• **ASSIGNMENT**: A picture-free, exact reproduction of the listing that follows is required.

• **RECORDS SUPPLIED**:
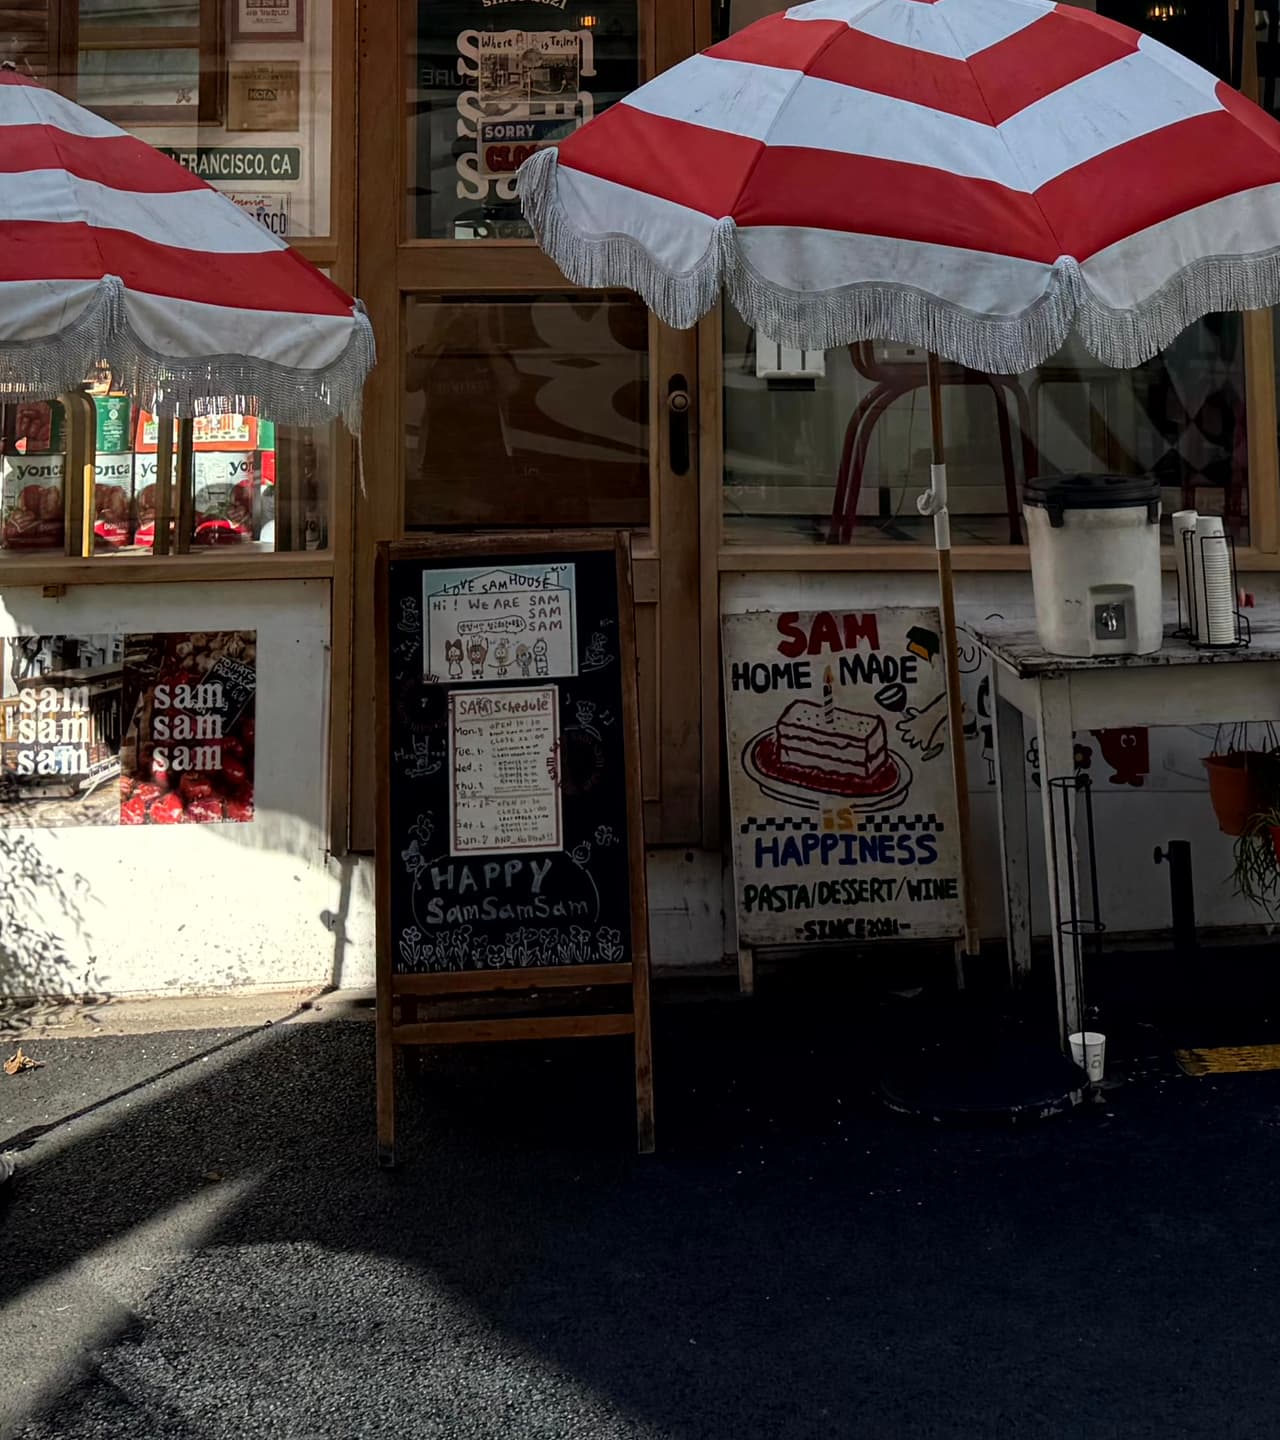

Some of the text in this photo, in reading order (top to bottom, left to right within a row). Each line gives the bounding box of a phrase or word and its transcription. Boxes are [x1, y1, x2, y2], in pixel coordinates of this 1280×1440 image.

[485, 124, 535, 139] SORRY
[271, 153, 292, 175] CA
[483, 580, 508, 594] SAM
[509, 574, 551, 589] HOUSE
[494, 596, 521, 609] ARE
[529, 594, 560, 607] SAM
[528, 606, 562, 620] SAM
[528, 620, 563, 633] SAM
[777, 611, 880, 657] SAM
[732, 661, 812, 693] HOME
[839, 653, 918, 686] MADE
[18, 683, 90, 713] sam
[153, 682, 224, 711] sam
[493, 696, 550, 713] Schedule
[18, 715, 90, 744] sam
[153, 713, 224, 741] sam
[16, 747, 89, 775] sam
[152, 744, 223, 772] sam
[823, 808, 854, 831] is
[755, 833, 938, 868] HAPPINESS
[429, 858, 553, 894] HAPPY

• **ANSWER FOR THIS EXERCISE**:
Some of the text in this photo, in reading order (top to bottom, left to right within a row). Each line gives the bounding box of a phrase or word and its transcription. Boxes are [x1, y1, x2, y2], in pixel coordinates of this 1280×1440 image.

[485, 124, 535, 139] SORRY
[271, 153, 292, 175] CA
[483, 580, 508, 594] SAM
[509, 574, 551, 589] HOUSE
[494, 596, 521, 609] ARE
[529, 594, 560, 607] SAM
[528, 606, 562, 620] SAM
[528, 620, 563, 633] SAM
[777, 611, 880, 657] SAM
[732, 661, 812, 693] HOME
[839, 653, 918, 686] MADE
[18, 683, 90, 713] sam
[153, 682, 224, 711] sam
[493, 696, 550, 713] Schedule
[18, 715, 90, 744] sam
[153, 713, 224, 741] sam
[16, 747, 89, 775] sam
[152, 744, 223, 772] sam
[823, 808, 854, 831] is
[755, 833, 938, 868] HAPPINESS
[429, 858, 553, 894] HAPPY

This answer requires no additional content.